ABC: Nonresidential construction spending flat in February

The Associated Builders and Contractors forecasts a robust nonresidential construction spending recovery in 2015, despite an underwhelming start.

April 01, 2015 |
Nonresidential construction spending flat in February

Commercial construction spending lost 1.9% in February, but is up 13.5% on a year-over-year basis.

Blame it on the weather. That's what many economists have been doing over the past two months as economic data continue to disappoint. Retail sales, durable goods orders, and other categories have not been as strong as anticipated.

Nonresidential construction has often proved an exception, with the industry's momentum gaining steam recently. However, in February, nonresidential construction spending remained virtually unchanged, inching down 0.1% on a monthly basis, according to the April 1 release from the U.S. Census Bureau.

The February 2015 spending figure is 4.6% higher than February 2014, as spending for the month totaled $611.5 billion on a seasonally adjusted annualized basis. The estimate for January spending was revised downward, from $614.1 billion to $611.9 billion, while the government revised December's spending estimate upward from $627 billion to $629.3 billion.

 

 

"Construction is impacted more by weather than just about any economic segment, and the impact of February's brutal weather is evident in the government's spending figure," said Associated Builders and Contractors Chief Economist Anirban Basu. "ABC continues to forecast a robust nonresidential construction spending recovery in 2015, despite the most recent monthly data, with the obvious exceptions of industry segments most directly and negatively impacted by declines in energy prices.

"The broader U.S. economy has not gotten off to as good a start in 2015 as many had expected with consumer spending growth frustrated by thriftier than anticipated shoppers," said Basu. "With winter behind us and temperatures warming, the expectation is that economic growth will roar back during the second quarter, which is precisely what happened last year. To the extent that this proves to be true, nonresidential construction's recovery can be expected to persist."

Seven of 16 nonresidential construction subsectors posted increases in spending in February on a monthly basis.

  • Manufacturing-related spending expanded 6.8 percent in February and is up 37.9% on a year-over-year basis.
  • Conservation and development-related construction spending expanded 11% for the month and is up 19.8% on a yearly basis.
  • Office-related construction spending expanded 2.4% in February and is up 19% from the same time one year ago.
  • Amusement and recreation-related construction spending gained 2% on a monthly basis and is up 22.5% from the same time last year.
  • Education-related construction spending grew 0.3% for the month, but is down 0.6% on a year-over-year basis.
  • Construction spending in the transportation category grew 0.6% on a monthly basis and has expanded 9.3% on an annual basis.
  • Lodging-related construction spending was up 5% on a monthly basis and 10.4% on a year-over-year basis.
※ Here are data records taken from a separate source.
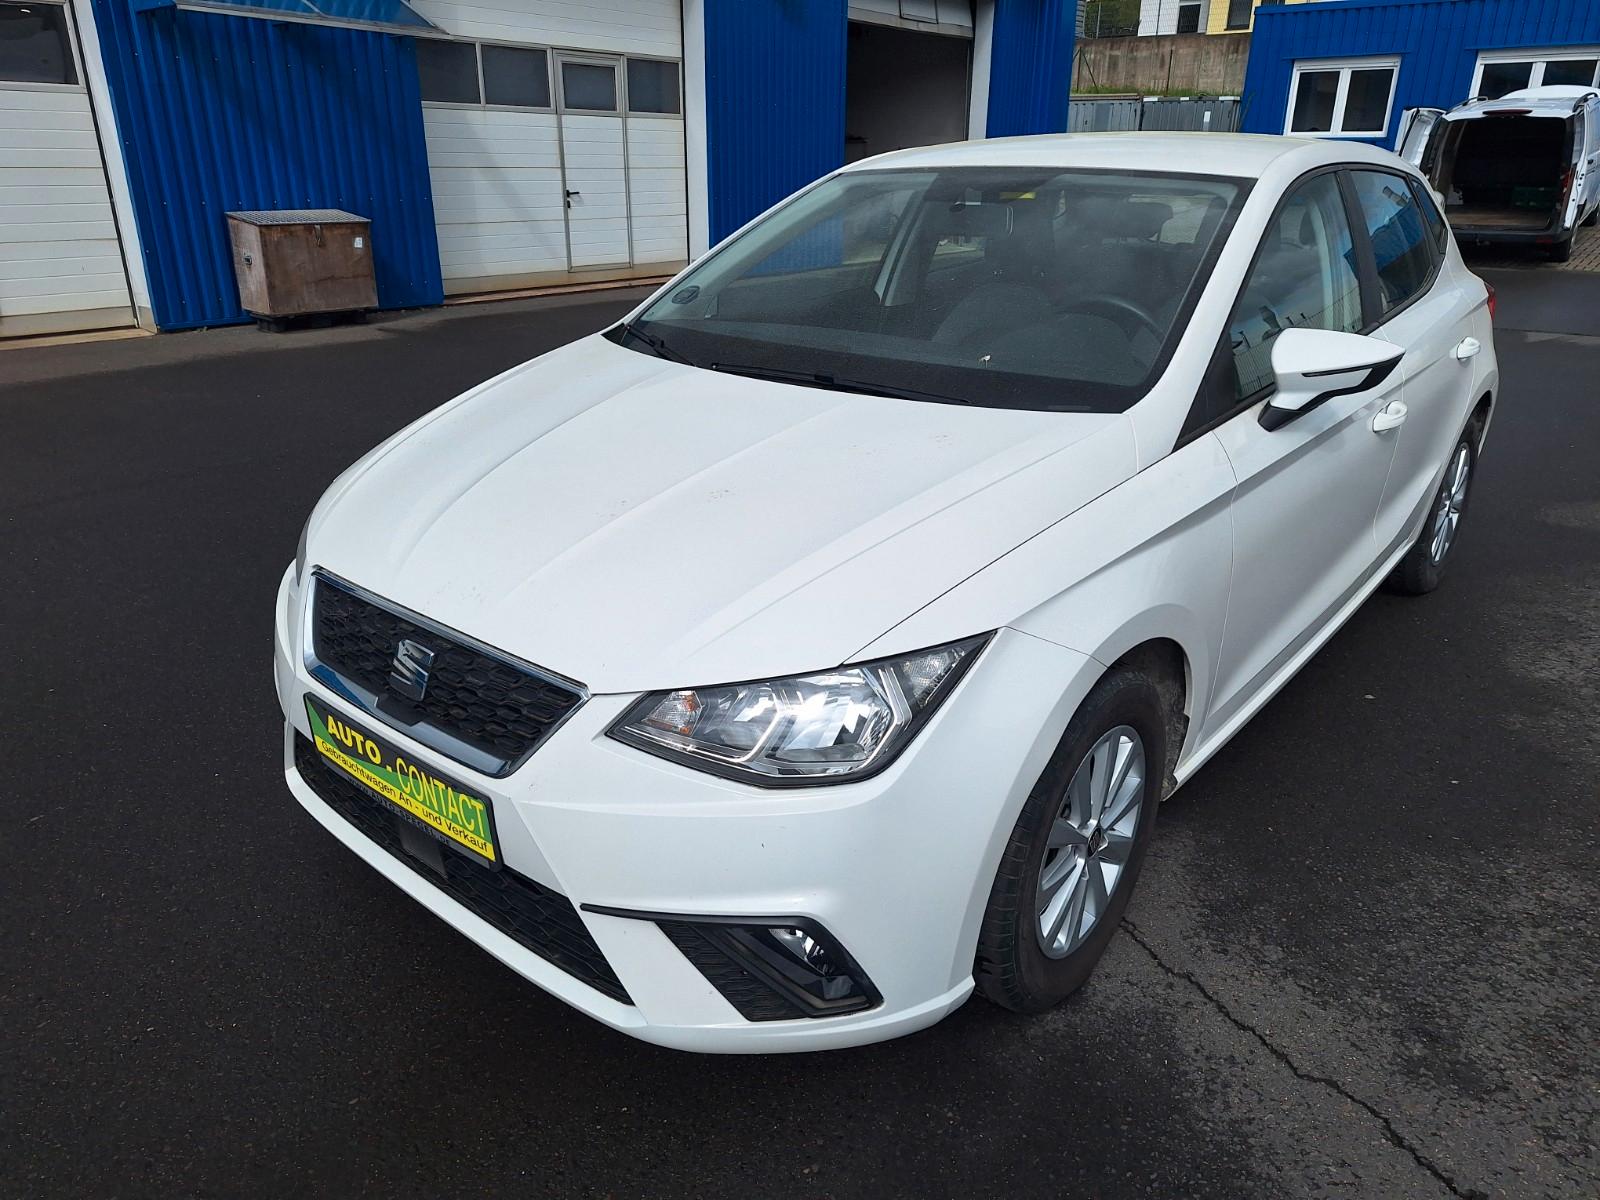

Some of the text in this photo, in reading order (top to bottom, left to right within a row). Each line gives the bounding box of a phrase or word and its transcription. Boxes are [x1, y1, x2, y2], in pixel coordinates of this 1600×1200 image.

[321, 741, 396, 796] Gebrauchtwagen
[400, 792, 413, 808] An
[422, 810, 442, 826] und
[445, 821, 488, 852] Verkauf
[327, 715, 381, 764] AUTO
[396, 758, 484, 838] CONTACT
Spending in nine nonresidential construction subsectors failed to rise in February.

  • Healthcare-related construction spending fell 0.9% for the month and is down 4.5% for the year.
  • Spending in the water supply category dropped 7.8% from January, but is still 7.4% higher than at the same time last year.
  • Public safety-related construction spending lost 2.2% on a monthly basis and is down 9.6% on a year-over-year basis.
  • Commercial construction spending lost 1.9% in February, but is up 13.5% on a year-over-year basis.
  • Religious spending fell 4.8% for the month and is down 10.3% from the same time last year.
  • Sewage and waste disposal-related construction spending shed 1.4% for the month, but has grown 19.9% on a 12-month basis.
  • Power-related construction spending fell 4.5% for the month and is 17.2% lower than at the same time one year ago.
  • Lodging construction spending is down 4.4% on a monthly basis, but is up 18.2% on a year-over-year basis.
  • Sewage and waste disposal-related construction spending shed 7.5% for the month, but has grown 16% on a 12-month basis.
  • Power-related construction spending fell 1.1% for the month and is 13.2% lower than at the same time one year ago.
  • Communication-related construction spending fell 6.1% for the month and is down 15.5% for the year.
  • Highway and street-related construction spending was unchanged in February and is up 3.3% compared to the same time last year.